Connection errors already were emitted on the client; I just didn't remember those handlers get registered in a method on the client and not in logger-connection.js. So I'm not really clear on why your error handler was not invoked. An error event occurs correctly when the DNS is bad for me, so I have to ask -- is it possible that your local port 80 was open? If so, there'd be no way to know it wasn't the correct endpoint. If not, perhaps you can tell me more about the test you did that produced this result.

However there were certainly problems with how the connection was handled. In the event of a timeout, which for some reason I had set to an overlong three minutes, we were retrying but without a proper exponential backoff. Plus, no matter how many times it timed out, it wouldn't have ever given up or emitted an event to indicate that there was a problem. This will be fixed. Timeout is for inactivity on the socket I just remembered, not connection timeout. The three minutes was intentional.

As for invalid tokens, I don't have good news. I've confirmed that there's never any response, not even if the data sent was garbage -- so the only way to discover that your token is bad is to not see logs coming through on Logentries. This isn't really acceptable since it means you can't test whether your logging system is actually working. I'm going to investigate whether there's some other data-returning endpoint that we could exploit to do confirmation of token validity before the first transmission attempt. But I think this might be a case where we need to open a new Trello ticket for the backend guys.

In the meantime I've extended the initialization sanity checks to include a regex pattern test on the token; they have a rather specific format so it's at least possible to rule out nonsense strings.

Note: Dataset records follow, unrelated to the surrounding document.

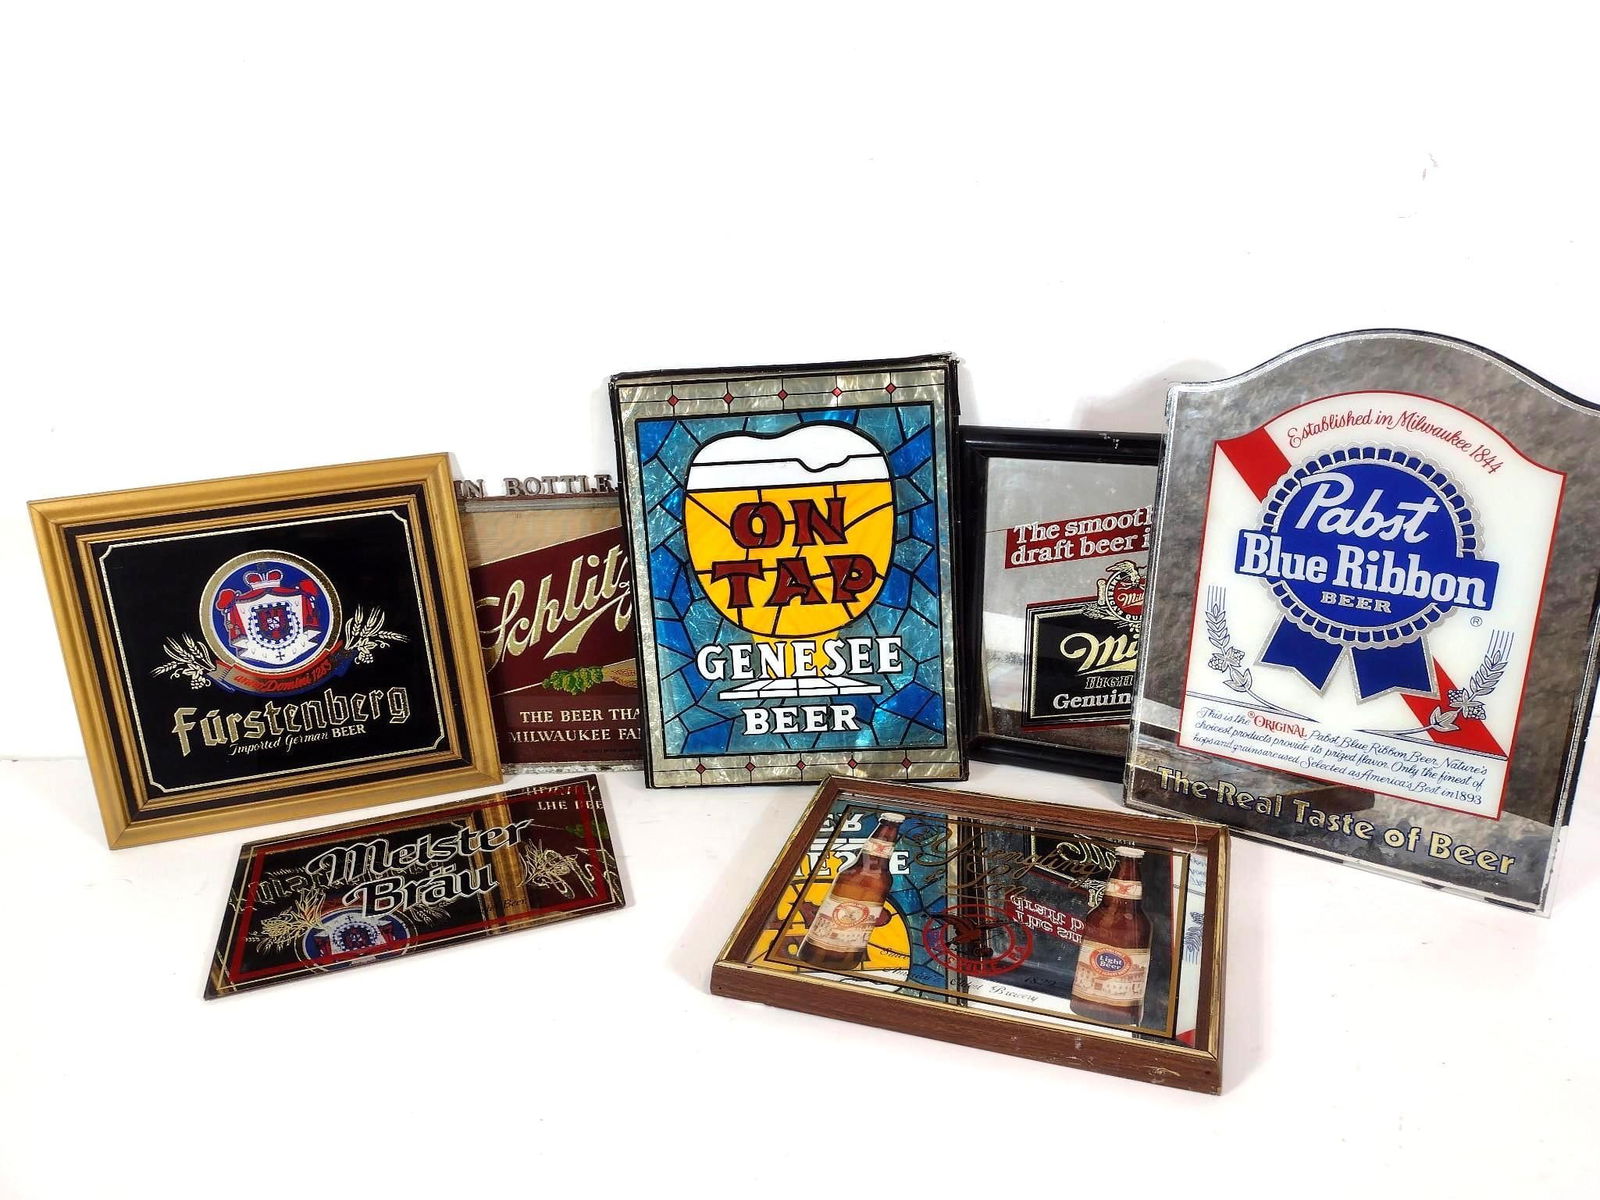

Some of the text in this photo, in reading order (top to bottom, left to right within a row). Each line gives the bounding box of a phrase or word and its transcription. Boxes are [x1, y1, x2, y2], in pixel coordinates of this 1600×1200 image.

[1287, 409, 1504, 475] Established in Milwaukee 1844
[729, 497, 846, 549] ON
[1295, 471, 1441, 544] Pabst
[1011, 542, 1076, 566] draft
[1080, 532, 1141, 557] beer
[1012, 522, 1061, 545] The
[710, 555, 879, 609] TAP
[1239, 531, 1487, 608] Blue Ribbon
[1320, 591, 1393, 613] BEER
[695, 636, 904, 681] GENESEE
[228, 723, 367, 756] Imported German BEER
[508, 728, 611, 743] MILWAUKEE
[519, 710, 554, 724] THE
[560, 708, 604, 723] BEER
[743, 704, 861, 736] BEER
[1193, 720, 1231, 735] choicest
[1230, 728, 1272, 744] products
[1271, 736, 1310, 752] provide
[1310, 744, 1322, 755] its
[1323, 747, 1357, 763] prized
[1390, 761, 1419, 778] Only
[1420, 767, 1438, 779] the
[1437, 771, 1472, 787] finest
[1472, 778, 1486, 792] of
[1196, 706, 1223, 721] This
[1223, 712, 1234, 723] is
[1234, 714, 1251, 726] the
[1253, 715, 1308, 739] ORIGINAL
[1306, 729, 1339, 745] Pabst
[1339, 736, 1368, 750] Blue
[1368, 742, 1408, 759] Ribbon
[1435, 757, 1488, 776] Nature's
[1192, 733, 1214, 746] hops
[1213, 738, 1232, 750] and
[1231, 741, 1263, 755] grains
[1277, 753, 1300, 764] used
[1299, 755, 1348, 775] Selected
[1348, 769, 1361, 779] as
[1358, 768, 1413, 791] America's
[1411, 781, 1440, 795] Best
[1441, 789, 1455, 798] in
[1455, 790, 1482, 805] 1893
[1156, 765, 1516, 875] The Real Taste of Beer
[305, 819, 535, 885] Meister
[342, 864, 502, 919] Bräu
[1099, 954, 1123, 966] Light
[1099, 960, 1122, 970] Beer
[990, 983, 1039, 1002] Brewery
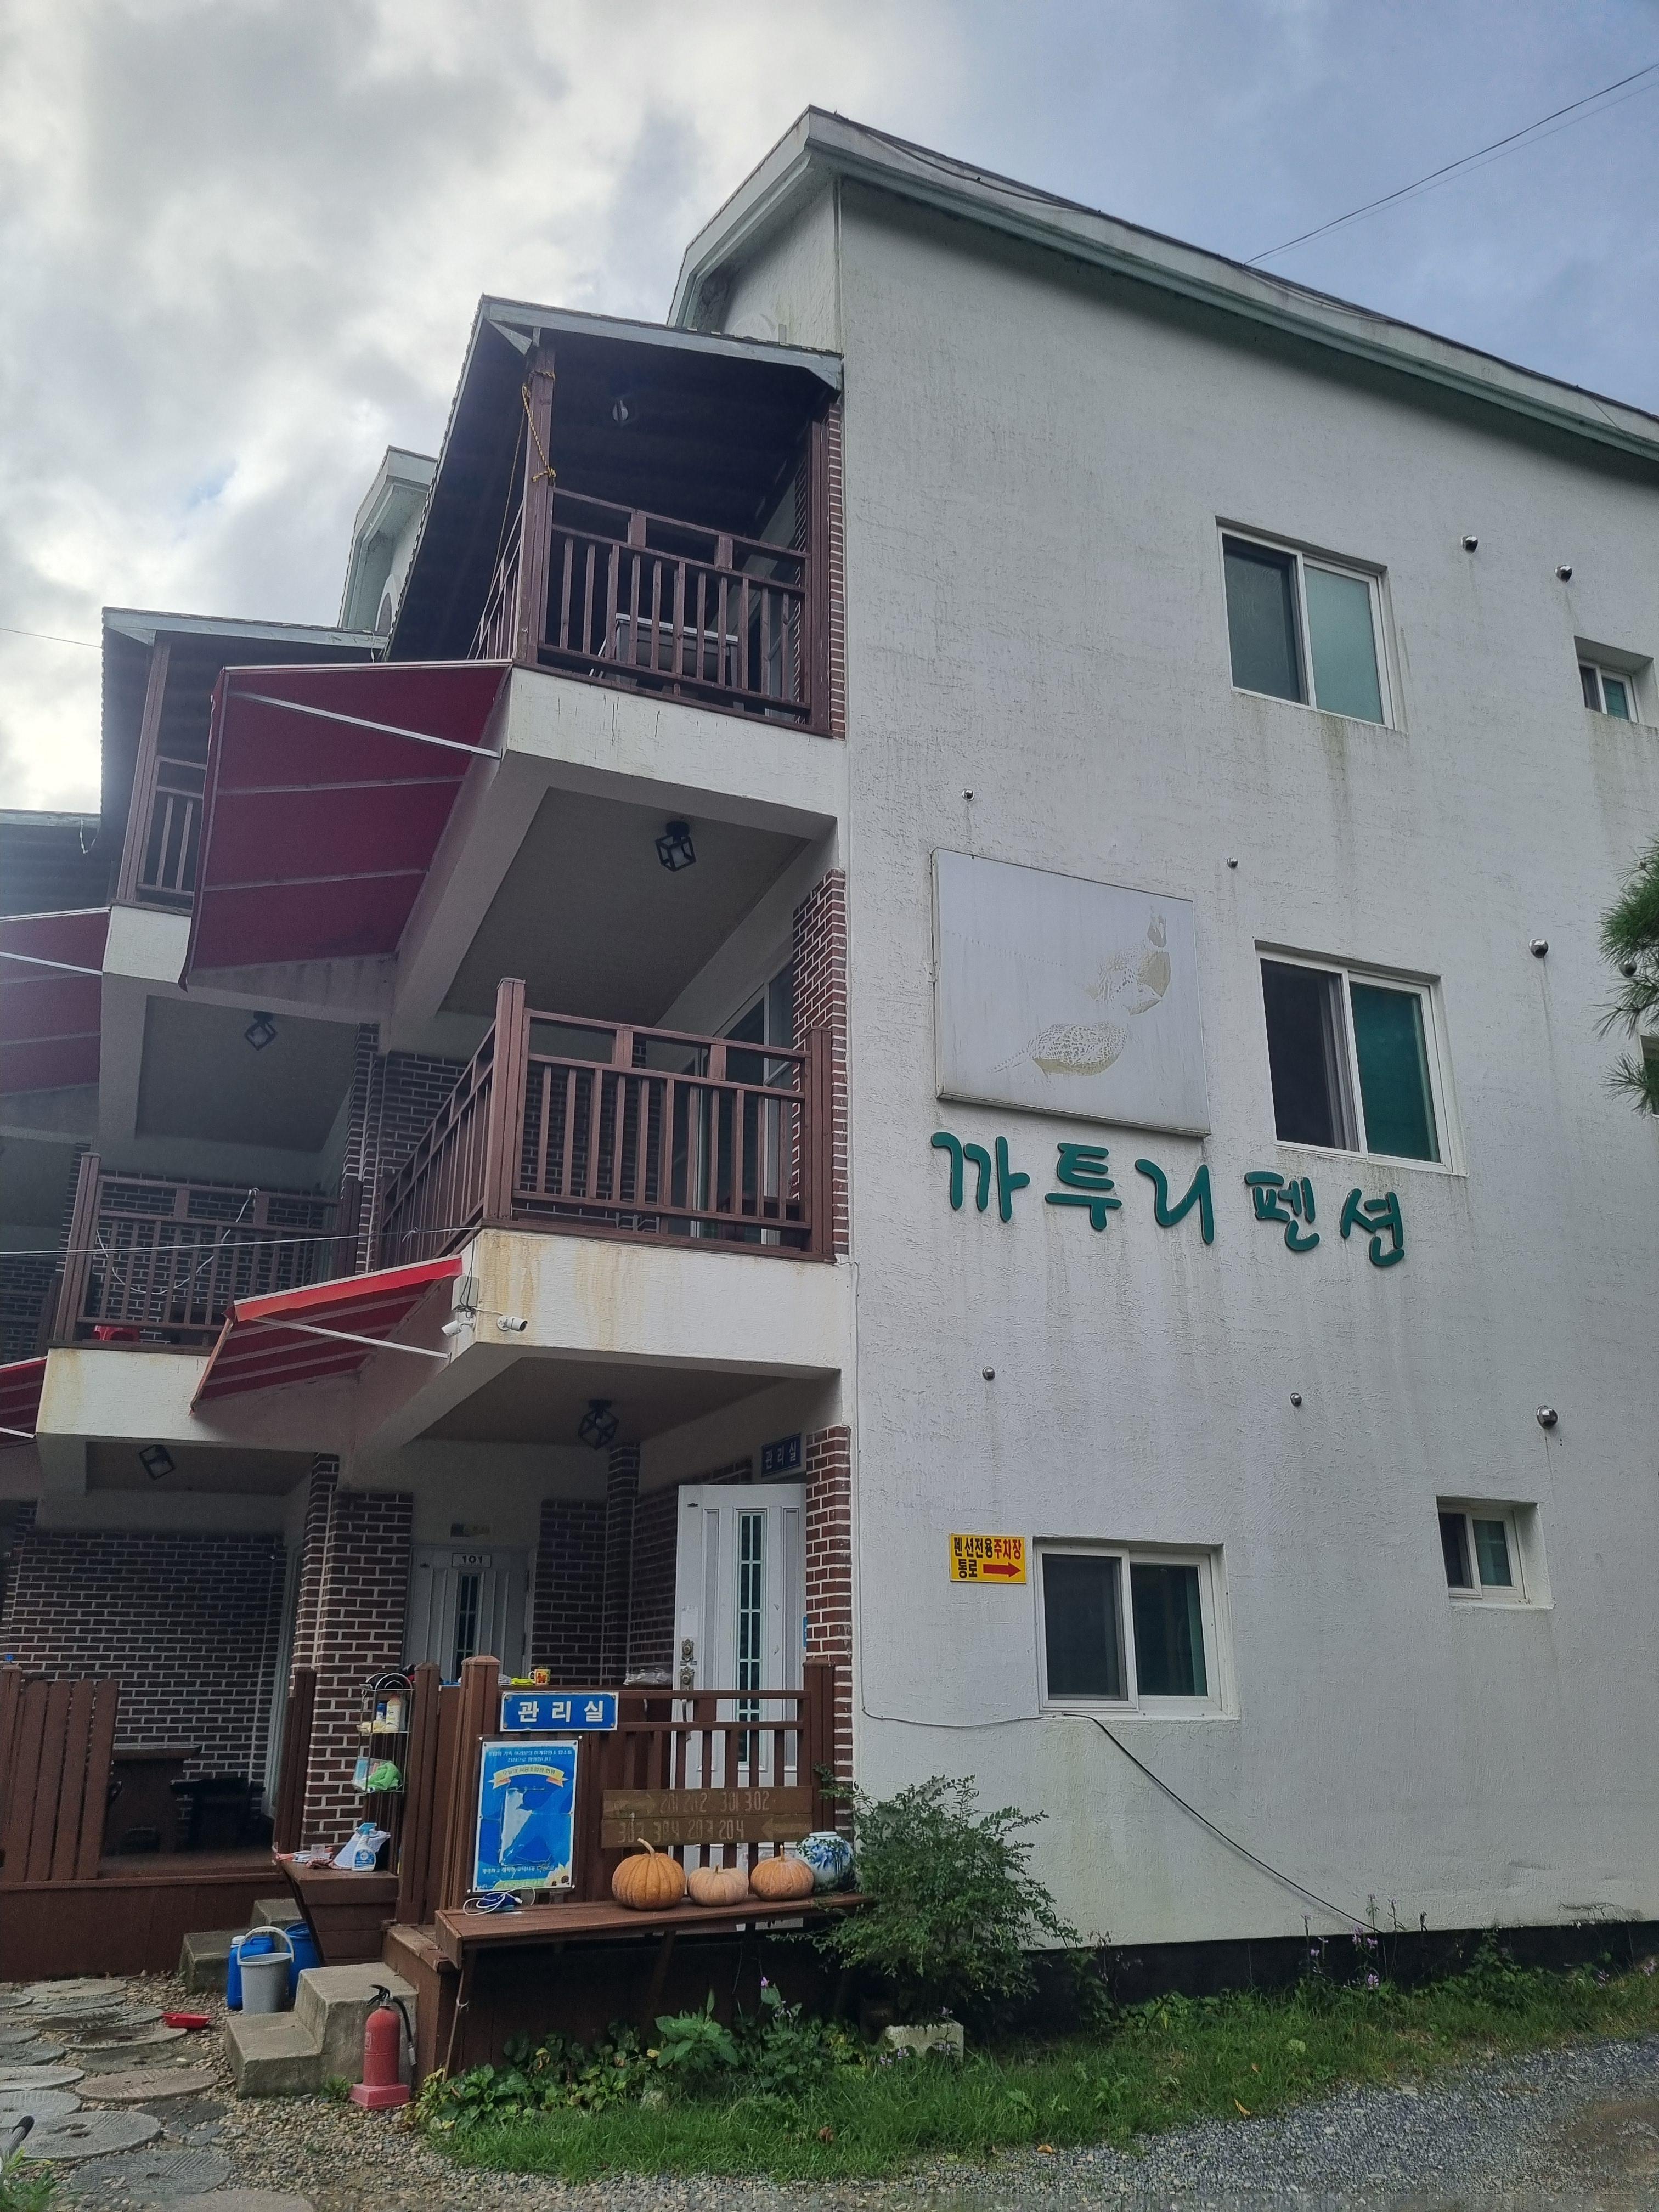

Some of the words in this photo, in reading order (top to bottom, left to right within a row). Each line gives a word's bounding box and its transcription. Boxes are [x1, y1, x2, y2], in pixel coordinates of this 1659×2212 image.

markstos commented 2 years ago

I presume this project is no longer in use and can be archived.

bathos commented 2 years ago

Yep. Well, at least in this location? I didn't realize it still existed under my name.

LogEntries was my first tech job - I haven't worked there in ~seven years. Context for this repo was that I'd originally made this package for a node project I was working on there myself. I hit various issues with what (at that time) had been the official logentries node client; guessing I was the first person there to try using it internally. To get stuff working despite that, I created this for that project specifically. Some months later it ended up being robust enough (well ... allegedly; I wouldn't bet on it now) to subsume / replace the previous "official" package. It should have been transferred to the org at that time, but I think maybe it got forked or something instead so this one's still sitting here.

I'd be surprised if it hasn't been rewritten (either literally or via sea change) again since that time, maybe more than once. I'm slightly afraid to even peek at the code here given how green I was.